Was it damp? The rain in the ivy could be taken for an answer —
a tingling vibration made of errant fingers playing
i
the queerest scales (erect themselves).
But remember, we are dealing with some of the dankest
manifestations of the human soul,
positively ashamed in a strange dress. What a world we overcome
with shame, that we write not with fingers
but with the hole of a person,
i
every fibre of our liver trouble completely inclined.
Or was antipathetic to the man
spirit. Lines bent Or the wrong way,
dressed lightly in skirts
so as to submit to the new tinglings of wild
autumn winds. Wet as
i
in Botany Bay, revolving clouds answered pell-mell
among the violet plumed rain —
“Am single, am mateless, am alone” — and glanced nervously
lest some mal form flaunting
a long cloak behind them like a silver pool
came over the birds.
i
Straight up into the golden foam
into which the clouds had churned themselves,
fields of irises fancied
then lowered themselves till they saw the great hump
out at sea — a nightjar’s head
pressing luxuriously on the love and death suck
i
of the wet.

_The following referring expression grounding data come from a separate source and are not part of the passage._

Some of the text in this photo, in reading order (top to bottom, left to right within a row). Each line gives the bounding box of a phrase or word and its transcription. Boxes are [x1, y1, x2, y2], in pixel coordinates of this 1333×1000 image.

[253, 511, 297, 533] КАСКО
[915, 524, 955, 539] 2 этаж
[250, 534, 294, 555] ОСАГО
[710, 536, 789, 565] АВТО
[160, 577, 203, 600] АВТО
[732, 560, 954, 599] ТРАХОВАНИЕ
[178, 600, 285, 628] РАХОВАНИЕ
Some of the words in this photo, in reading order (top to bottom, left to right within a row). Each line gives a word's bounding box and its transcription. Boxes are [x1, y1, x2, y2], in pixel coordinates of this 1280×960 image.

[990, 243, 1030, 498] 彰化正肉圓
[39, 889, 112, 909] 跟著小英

A few minutes later they became engaged
in the snake-like twisting descent of coming.
Unimportant details blew
from Or’s breakfast to the gilt leopard on the weathervane —
“You’re a woman, you’re a man”
(since the world began?).
i
Nowadays, spoonfuls of strawberry jam, peppermint
and the stars reel overboard,
which is tantamount to saying nothing
— hence the most ordinary
is often the most poetic and the most poetic
is precisely that which cannot be
i
written, filled to repletion,
a great blank space here, then blobs, lawsuits, children
pronounced illegitimate
(they inherit my sex and shadow —
lolling from their mouths, cream-coloured ponies
command the very same thing).
i
A parenthesis blazing in the trees
fell fluttering on Or’s foot among the azaleas.

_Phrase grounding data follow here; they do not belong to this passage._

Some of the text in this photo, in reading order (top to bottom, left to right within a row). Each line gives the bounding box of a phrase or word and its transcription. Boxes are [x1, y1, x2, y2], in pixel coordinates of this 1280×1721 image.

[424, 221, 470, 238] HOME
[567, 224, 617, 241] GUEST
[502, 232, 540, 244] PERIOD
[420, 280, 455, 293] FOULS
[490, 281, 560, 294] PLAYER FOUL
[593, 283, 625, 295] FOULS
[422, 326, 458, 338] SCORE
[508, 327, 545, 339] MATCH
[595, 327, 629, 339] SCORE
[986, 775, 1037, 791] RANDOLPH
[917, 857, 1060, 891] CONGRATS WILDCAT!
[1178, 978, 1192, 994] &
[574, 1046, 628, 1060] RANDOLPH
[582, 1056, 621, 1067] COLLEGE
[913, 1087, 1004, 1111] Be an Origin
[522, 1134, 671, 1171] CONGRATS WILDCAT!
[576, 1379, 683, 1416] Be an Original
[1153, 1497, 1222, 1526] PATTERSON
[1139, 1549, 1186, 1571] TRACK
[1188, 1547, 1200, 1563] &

A cock entered the current
so as to see the phosphorescence on waves,
icicles clanking,
determined to write all this,
i
but a thousand other things always echo, are seductive —
and no single echo was surprised that
a woman could be as ______ and ________ as a man, and a man
as _______ and ______ as a woman. Or (rather
that both could be) so interstranged, spectre-pale.
Shooting this way and that, Or struck the grass.
i
When bright colours like blue and yellow mix themselves
in our eyes, some of it rubs off
on our thoughts.
As if something were tossing a little dreamily Or was lying
in the bracken when a leaf cried, “The wind!”
They ran, scattering
i
Queen Mary’s prayer book, snuffing out lights.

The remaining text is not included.